## PROBLEM TO SOLVE
Line by line, repeat the material below exactly and skip the images.

=== MATERIAL TO PROCESS ===

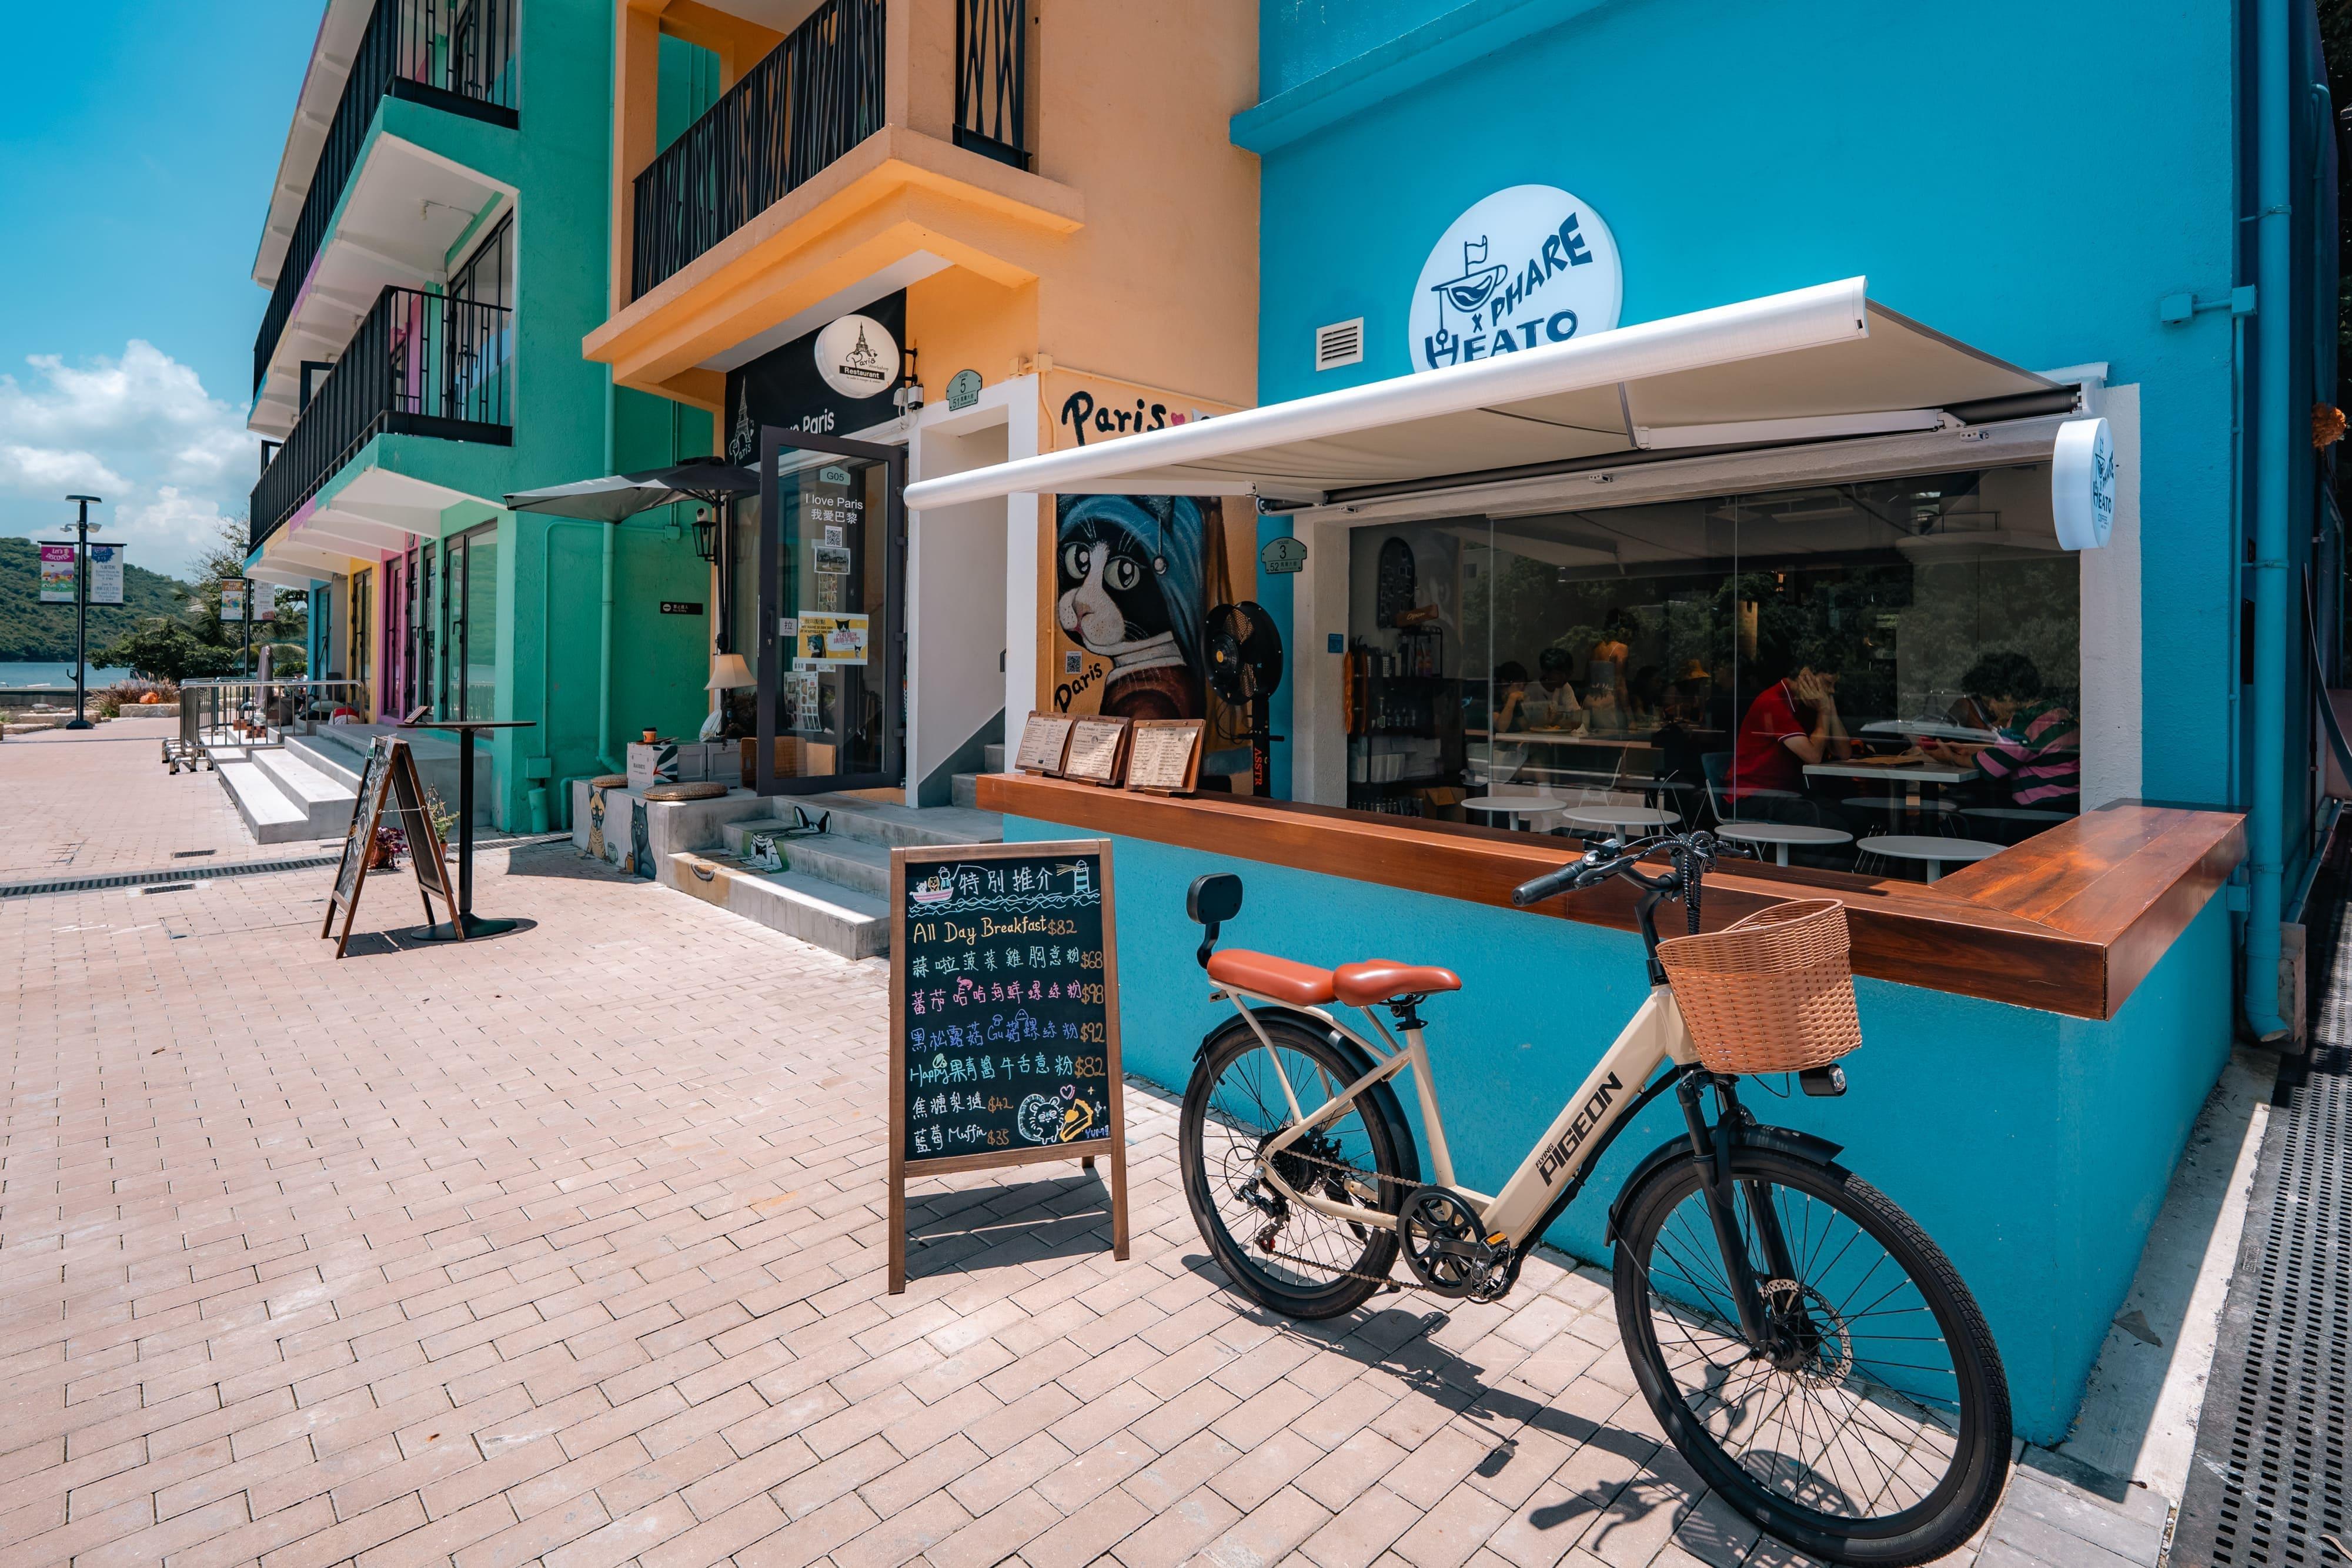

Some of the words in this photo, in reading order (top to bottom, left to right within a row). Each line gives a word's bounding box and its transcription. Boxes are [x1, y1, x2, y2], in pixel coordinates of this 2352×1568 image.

[1491, 212, 1593, 327] PHARE
[846, 352, 876, 369] Paris
[844, 367, 880, 379] Restaurant
[960, 378, 966, 393] 5
[953, 397, 960, 408] 51
[803, 408, 834, 434] Paris
[1061, 390, 1167, 447] Paris
[729, 439, 751, 466] Paris
[827, 472, 844, 482] G05
[806, 493, 808, 504] I
[812, 494, 834, 506] love
[837, 497, 863, 510] Paris
[2093, 481, 2112, 514] HEATO
[811, 509, 858, 524] 我愛巴黎
[1279, 545, 1287, 559] 3
[1269, 562, 1279, 571] 52
[784, 621, 793, 630] 拉
[1054, 662, 1103, 713] Paris
[958, 867, 1053, 895] 特別推介
[913, 923, 935, 944] All
[944, 921, 977, 945] Day
[981, 915, 1047, 938] Breakfast
[1048, 920, 1077, 936] $82
[1081, 951, 1103, 969] $68
[1081, 983, 1104, 1005] $98
[1080, 1022, 1105, 1043] $92
[1074, 1057, 1106, 1079] $82
[988, 1096, 1014, 1114] $42
[914, 1124, 943, 1153] 藍莓
[948, 1124, 987, 1143] Muffin
[987, 1129, 1010, 1146] $35
[1538, 1071, 1624, 1188] PIGEON
[1535, 1143, 1554, 1169] FLYING
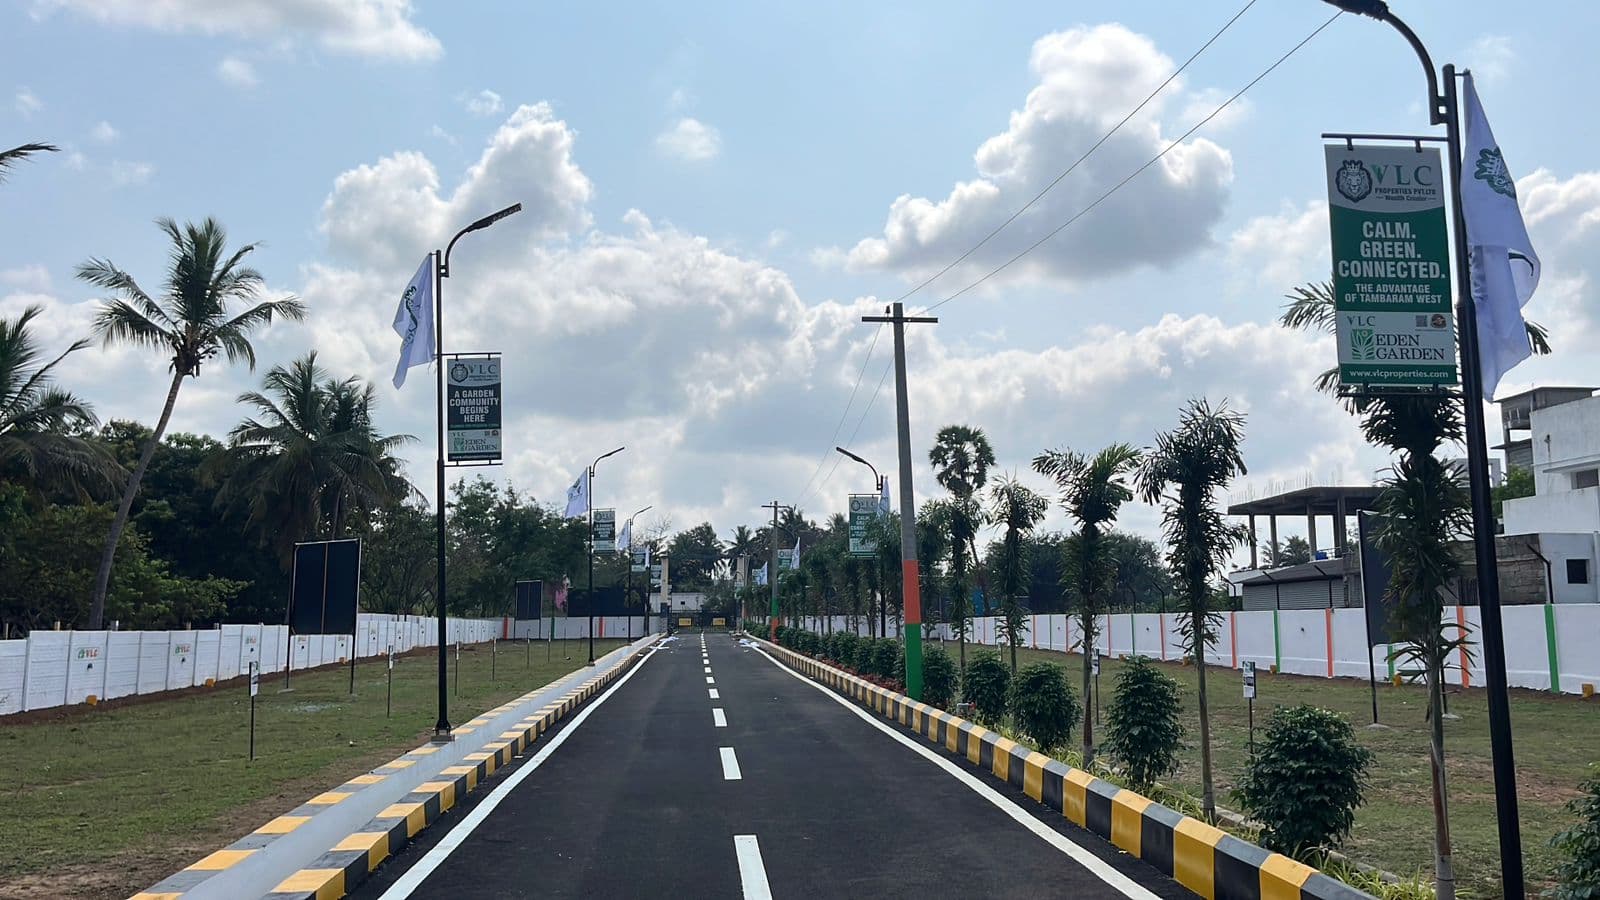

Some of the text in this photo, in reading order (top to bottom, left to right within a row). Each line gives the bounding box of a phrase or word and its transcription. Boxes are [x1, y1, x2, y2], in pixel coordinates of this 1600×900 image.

[1370, 164, 1432, 186] VLC
[1374, 187, 1412, 195] PROPERTIES
[1362, 221, 1417, 239] CALM.
[1360, 240, 1422, 259] GREEN.
[1338, 260, 1446, 279] CONNECTED.
[1356, 283, 1431, 294] THE ADVANTAGE
[1344, 293, 1443, 304] OF TAMBARAM WEST
[1346, 315, 1376, 327] VLC
[1375, 333, 1421, 347] EDEN
[1375, 347, 1445, 360] GARDEN
[468, 364, 497, 374] VLC
[1349, 369, 1449, 379] www.vlcproperties.com
[454, 389, 494, 399] A GARDEN
[449, 398, 499, 407] COMMUNITY
[460, 406, 489, 415] BEGINS
[463, 414, 486, 423] HERE
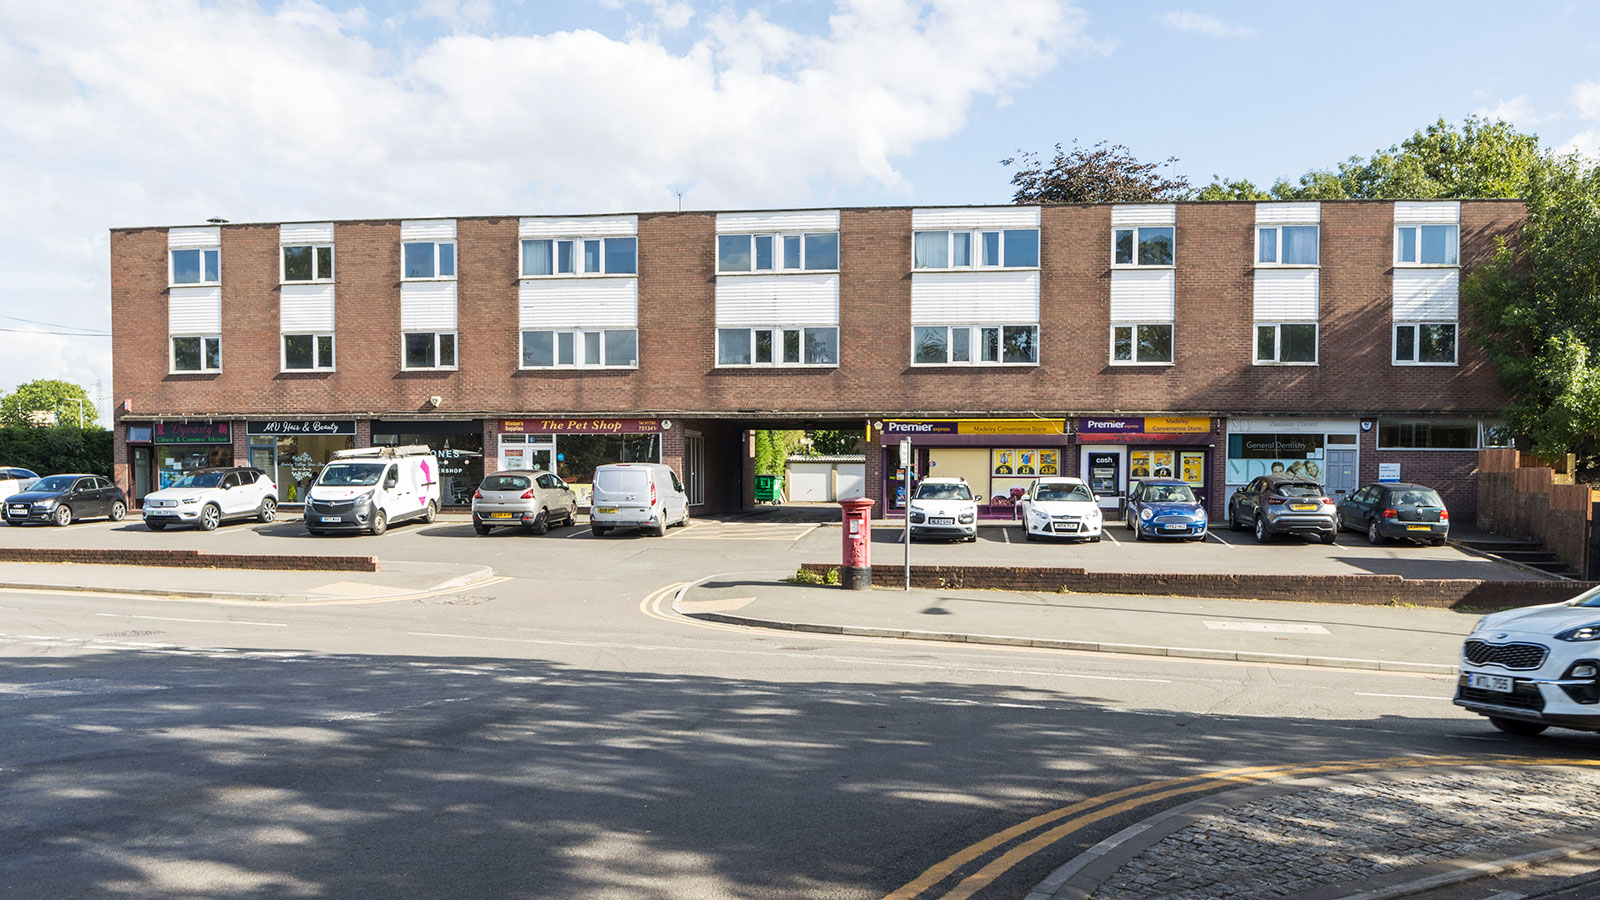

===

## EXPECTED ANSWER
Some of the words in this photo, in reading order (top to bottom, left to right within a row). Each line gives a word's bounding box and its transcription. Boxes are [x1, y1, x2, y2], in pixel coordinates of this 2352×1568 image.

[1491, 212, 1593, 327] PHARE
[846, 352, 876, 369] Paris
[844, 367, 880, 379] Restaurant
[960, 378, 966, 393] 5
[953, 397, 960, 408] 51
[803, 408, 834, 434] Paris
[1061, 390, 1167, 447] Paris
[729, 439, 751, 466] Paris
[827, 472, 844, 482] G05
[806, 493, 808, 504] I
[812, 494, 834, 506] love
[837, 497, 863, 510] Paris
[2093, 481, 2112, 514] HEATO
[811, 509, 858, 524] 我愛巴黎
[1279, 545, 1287, 559] 3
[1269, 562, 1279, 571] 52
[784, 621, 793, 630] 拉
[1054, 662, 1103, 713] Paris
[958, 867, 1053, 895] 特別推介
[913, 923, 935, 944] All
[944, 921, 977, 945] Day
[981, 915, 1047, 938] Breakfast
[1048, 920, 1077, 936] $82
[1081, 951, 1103, 969] $68
[1081, 983, 1104, 1005] $98
[1080, 1022, 1105, 1043] $92
[1074, 1057, 1106, 1079] $82
[988, 1096, 1014, 1114] $42
[914, 1124, 943, 1153] 藍莓
[948, 1124, 987, 1143] Muffin
[987, 1129, 1010, 1146] $35
[1538, 1071, 1624, 1188] PIGEON
[1535, 1143, 1554, 1169] FLYING

Some of the text in this photo, in reading order (top to bottom, left to right within a row). Each line gives the bounding box of a phrase or word and its transcription. Boxes are [x1, y1, x2, y2], in pixel coordinates of this 1600×900 image.

[1370, 164, 1432, 186] VLC
[1374, 187, 1412, 195] PROPERTIES
[1362, 221, 1417, 239] CALM.
[1360, 240, 1422, 259] GREEN.
[1338, 260, 1446, 279] CONNECTED.
[1356, 283, 1431, 294] THE ADVANTAGE
[1344, 293, 1443, 304] OF TAMBARAM WEST
[1346, 315, 1376, 327] VLC
[1375, 333, 1421, 347] EDEN
[1375, 347, 1445, 360] GARDEN
[468, 364, 497, 374] VLC
[1349, 369, 1449, 379] www.vlcproperties.com
[454, 389, 494, 399] A GARDEN
[449, 398, 499, 407] COMMUNITY
[460, 406, 489, 415] BEGINS
[463, 414, 486, 423] HERE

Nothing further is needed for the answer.